About this task =>
When you have gone through the entries below, state how many lines include the word "text" and write nothing else.

____ Exercise input

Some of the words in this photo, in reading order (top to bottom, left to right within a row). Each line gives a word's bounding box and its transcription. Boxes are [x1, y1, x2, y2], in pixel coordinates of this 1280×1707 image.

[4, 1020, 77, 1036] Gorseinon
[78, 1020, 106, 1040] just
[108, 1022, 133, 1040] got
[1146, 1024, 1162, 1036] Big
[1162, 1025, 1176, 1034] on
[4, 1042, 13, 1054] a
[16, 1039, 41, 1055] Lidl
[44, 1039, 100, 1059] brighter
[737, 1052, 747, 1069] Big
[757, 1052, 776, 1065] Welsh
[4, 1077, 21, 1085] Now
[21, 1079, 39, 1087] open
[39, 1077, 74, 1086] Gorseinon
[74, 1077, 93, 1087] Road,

________
____ Exercise input

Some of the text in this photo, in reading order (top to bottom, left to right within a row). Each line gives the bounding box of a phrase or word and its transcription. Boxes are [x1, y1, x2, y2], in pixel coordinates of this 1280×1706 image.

________
____ Exercise input

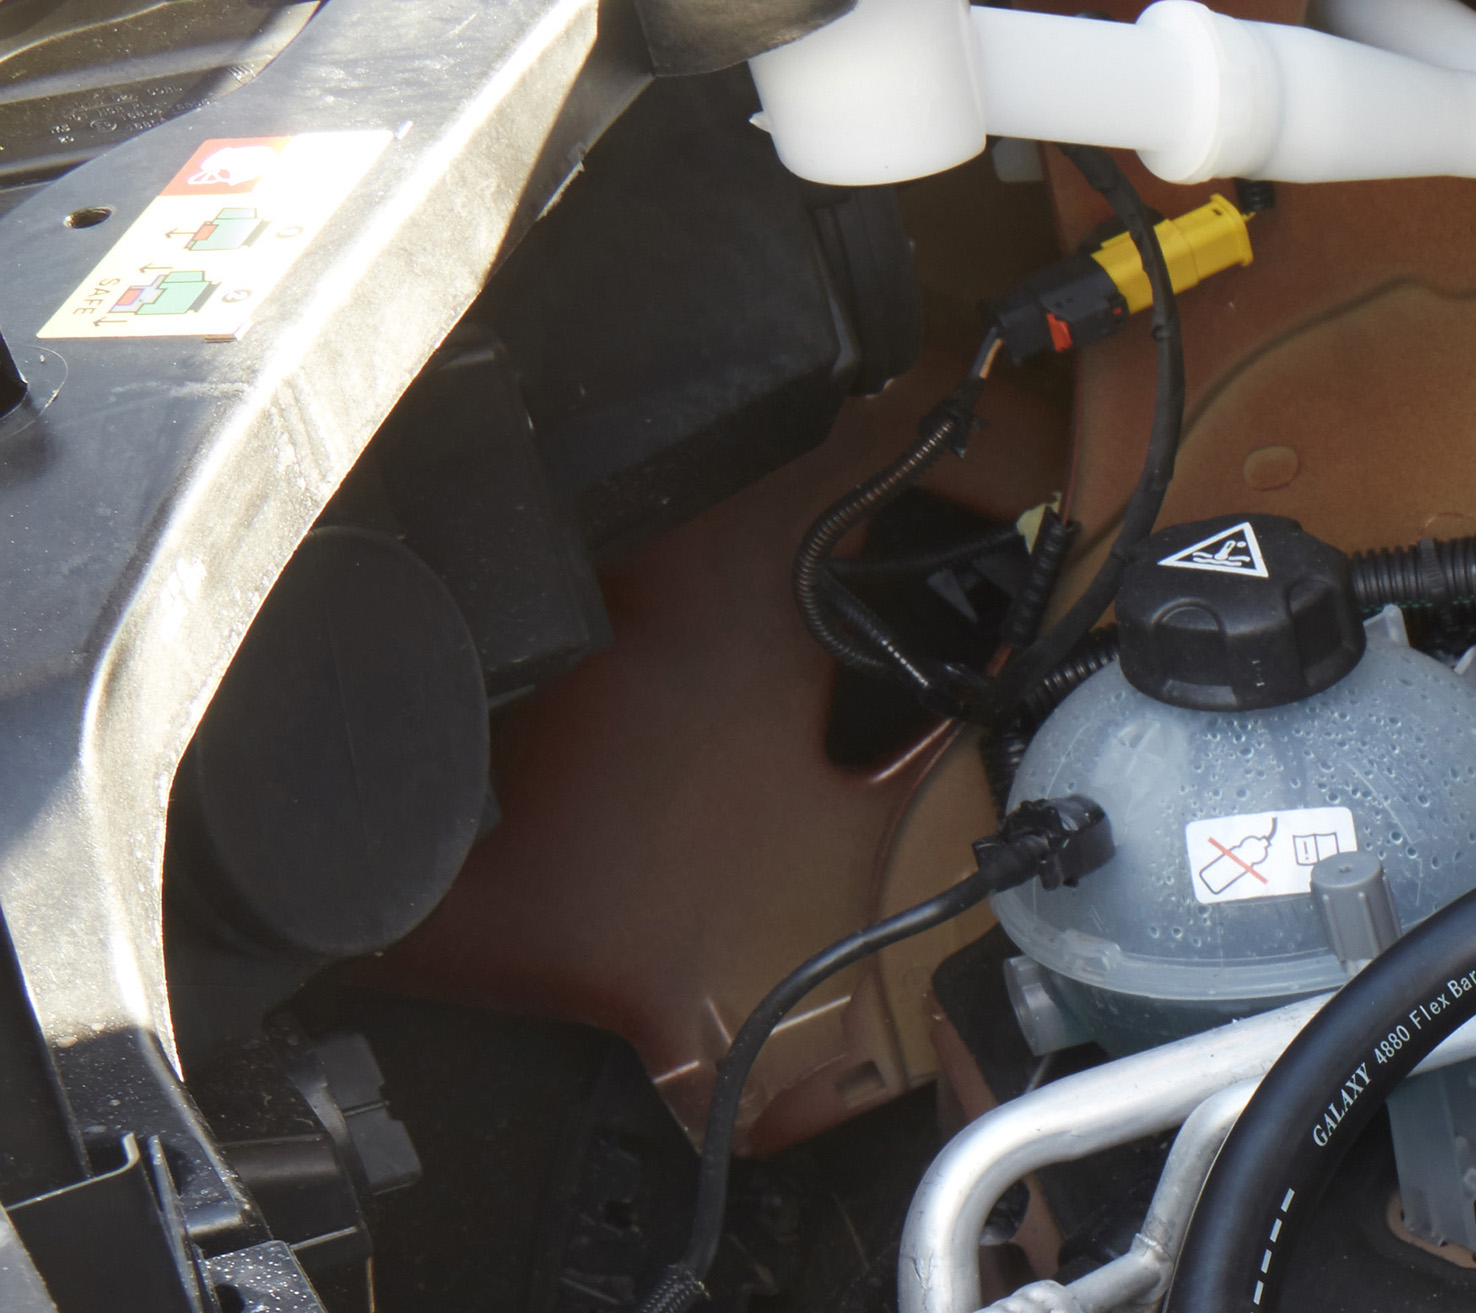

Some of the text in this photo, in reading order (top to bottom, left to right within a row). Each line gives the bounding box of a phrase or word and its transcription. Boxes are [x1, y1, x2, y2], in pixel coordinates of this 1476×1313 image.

________

Task result =>
2